Based on the parameters the architect choose the correct scalability strategy to deal with the additional load so it do not impact the performance. (i.e. manual scaling vs _elastic_ systems)

## Step 4: Designing for maintainability (See chapter 1)
The idea is to choose an strategy for better:
* Operability
    - Good monitoring
    - Good support for automation and integration with standard tools
    - Avoiding dependency on individual machines
    - Good documentation
* Simplicity
    - Good abstraction
* Evolvability
    - Agile working patterns
    - Test-driven development (TDD)
    - Refactoring

## Step 5: Choosing a data model (See chapter 2)

Depending on the number of relationships that exists in the abstraction, the most popular data models for databases are relational, document and graphs.

* Relational databases fits in the majority of cases.
* Document databases target use cases where data comes in self-contained documents
and relationships between one document and another are rare.
* Graph databases go in the opposite direction, targeting use cases where anything
is potentially related to everything.

A feature to take into account is also the query language used for each model.

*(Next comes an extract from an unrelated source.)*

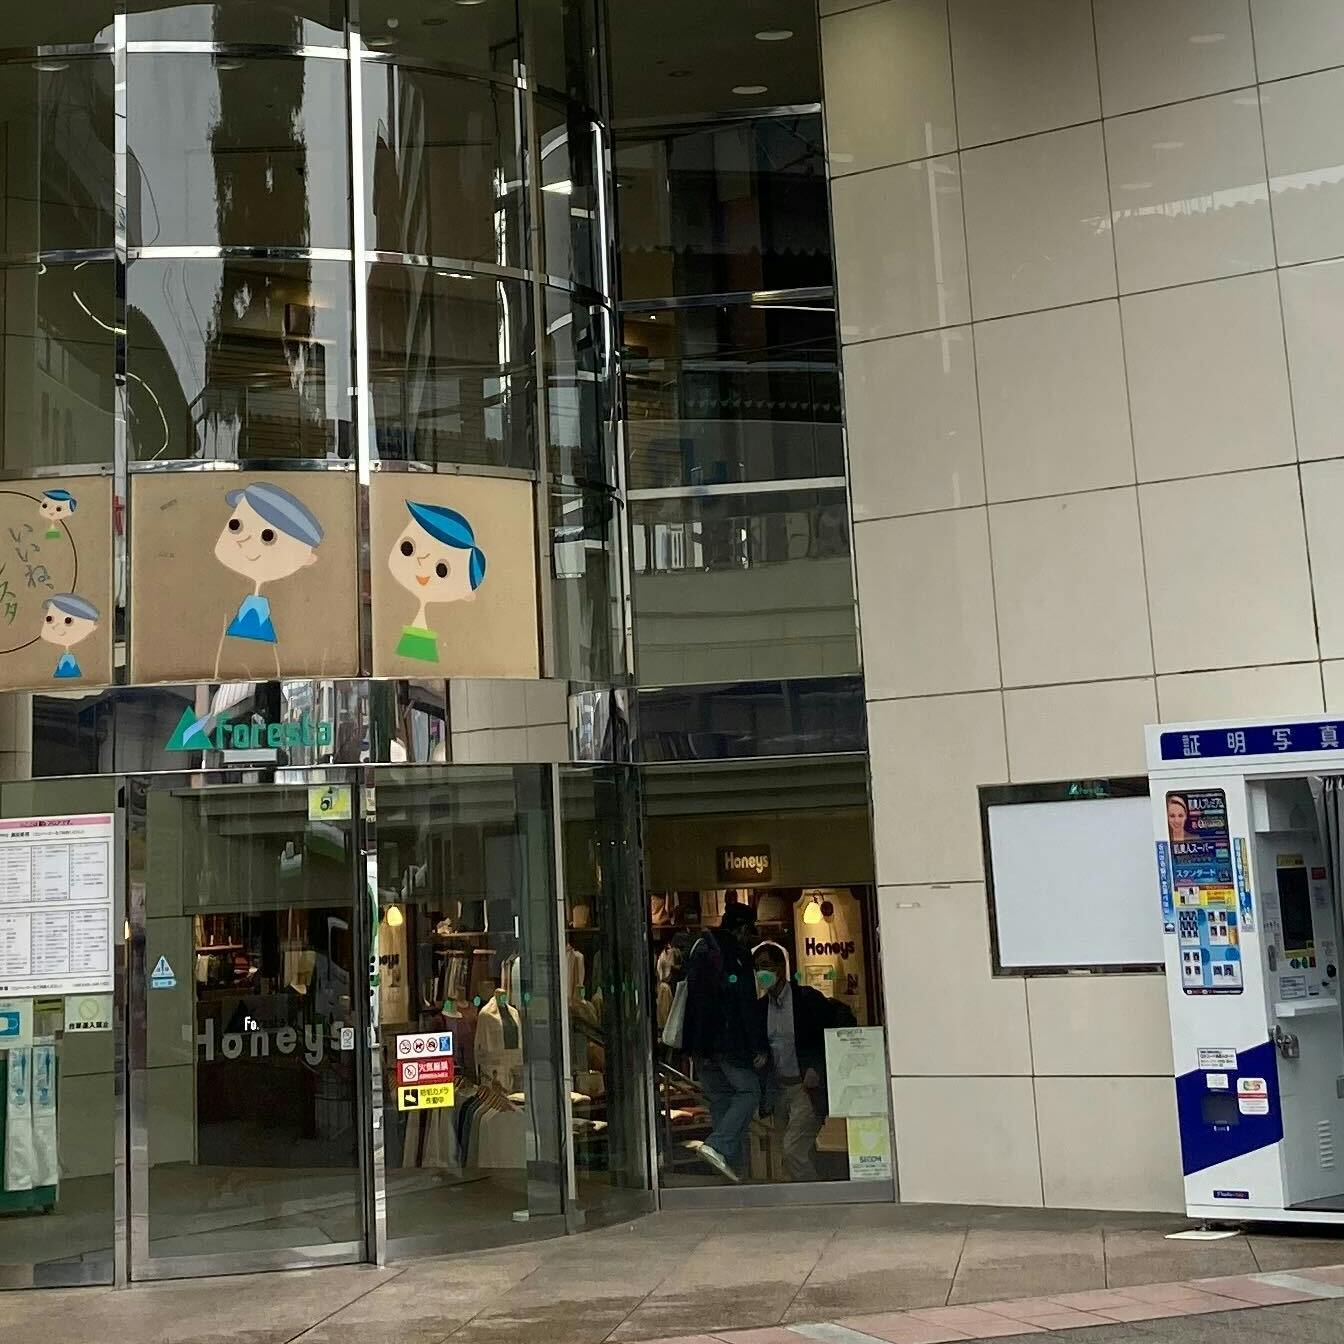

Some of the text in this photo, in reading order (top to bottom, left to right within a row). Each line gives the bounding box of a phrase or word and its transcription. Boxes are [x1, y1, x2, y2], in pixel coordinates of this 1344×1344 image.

For the relational model **the schema is explicit** (enforced on write) contrary to document and graph where **the schema is implicit** (handled on read).  

If the data to store need to be a binary object (text, video, JSON document, etc.) a key-value database will be the best choise, since they are highly effective at scaling applications that deal with high-velocity, non-transactional data.

## Step 6: Choosing a storage processing systems (See chapter 3)
Depending on the read and write patterns of the application an OLTP or an OLAP system should be used.

![](images/image_16.png)

For OLTP systems the storage engines are devided into log-structured and page-oriented. 

* Log-structured
    - Hash index: Rask
    - LSM-Tree: Cassandra, HBase
    - Search engines: Lucene
* Page-oriented
    - B-Tree: LMDB
    - B+ Tree: SQL Server, Oracle

As a rule of thumb, LSM-trees are typically faster for writes, whereas B-trees
are thought to be faster for reads. Reads are typically slower on LSM-trees
because they have to check several different data structures and SSTables at different
stages of compaction.

For OLAP systems the most important factor is the data model, here Star and Snowflake are the options. Disk bandwidth (not seek time) is often the bottleneck here, and column-oriented storage is an increasingly popular solution for this kind of workload.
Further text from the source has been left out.